Semmes & Co. Builders, Inc. is based inland on the Central Coast in Atascadero California. Some of Atascadero’s best known geographical attributes are that it is exactly half-way between Los Angeles and San Francisco, it is close to Morro Bay and is the gateway to the Paso Robles wine region.
A little known fact about Atascadero, it sometimes has a very nice little lake. The Atascadero Lake began as a swampy region in the early twentieth century. A local visionary named E.G. Lewis figured out how he could sell plenty of real estate. So, he built a dam, let the lake fill with rain water, took photographs, and marketed them to a nation that wished to share his version of the American Dream.

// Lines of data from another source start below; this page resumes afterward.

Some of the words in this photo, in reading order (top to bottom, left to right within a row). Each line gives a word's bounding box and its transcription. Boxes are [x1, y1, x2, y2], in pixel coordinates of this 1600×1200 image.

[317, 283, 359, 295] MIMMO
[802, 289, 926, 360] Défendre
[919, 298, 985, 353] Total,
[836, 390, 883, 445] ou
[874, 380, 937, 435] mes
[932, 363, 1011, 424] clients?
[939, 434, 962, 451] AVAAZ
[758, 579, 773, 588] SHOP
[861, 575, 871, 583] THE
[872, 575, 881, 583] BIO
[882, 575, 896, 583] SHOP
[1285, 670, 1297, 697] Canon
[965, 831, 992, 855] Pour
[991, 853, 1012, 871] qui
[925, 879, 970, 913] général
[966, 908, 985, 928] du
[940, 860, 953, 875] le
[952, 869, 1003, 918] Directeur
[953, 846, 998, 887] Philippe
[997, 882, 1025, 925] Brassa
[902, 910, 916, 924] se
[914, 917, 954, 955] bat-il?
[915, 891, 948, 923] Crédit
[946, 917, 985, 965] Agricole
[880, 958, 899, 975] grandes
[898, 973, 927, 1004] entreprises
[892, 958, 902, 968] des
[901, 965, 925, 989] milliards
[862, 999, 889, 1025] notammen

When it has water in it, Atascadero Lake is a serene place with its beautiful park and walking trails. Over time the Army Corps of Engineers devised a way to fill the lake with water from the adjacent Atascadero Creek (meaning “place of much water” or “mud-hole,” depending on who you ask). The creek is seasonal, but runs pretty consistently. In the old days locals used to water-ski, fish and swim there. But, over time it became polluted. This was mostly blamed on the “outflow” of local animal species, including dogs and birds. This recent California drought has offered a chance for the lake to be dredged (as it was in the early 1960’s), with bulldozers and dump trucks.
Atascadero Lake is now ready to return to its former glory. Soon it will be the backdrop for the new bandstand, our lovely park, the Veteran’s Memorial, and the Charles Paddock Zoo. The Lake will be the centerpiece for the perimeter walkway, hosting parents strolling babies and children, dog walkers, joggers, cyclists, lovers and a small contingent of our homeless people.
All it needs is water.
We in the West all need water, I’m sure this is not news to anyone. A local group, The Friends of Atascadero Lake has drilled a well to assist in recharging water lost through evaporation. That water will be piped into the lake making up for evaporation lost during the summer.
Wait a minute! Some folks ask, “Can’t that water be used for something more helpful than filling a recreational facility?” The answer is, “Probably not.” Much of the water that flows into Atascadero Lake actually cycles back into our local aquifer. A fast-moving underground stream originating from the Sierras is this water’s source. After it passes through Atascadero, the next place this stream surfaces is under the Pacific Ocean outside of Monterey, California.
Personally, in my 20 years here, I’ve seen the lake water change colors from clear to black, and then from brown to green to orange. I hope that the efforts of the Friends of Atascadero Lake will help keep it an important part of the community for future generations.
Note: The opinions stated here are strictly my own and not necessarily the opinion of Semmes and Co. Builders, Inc.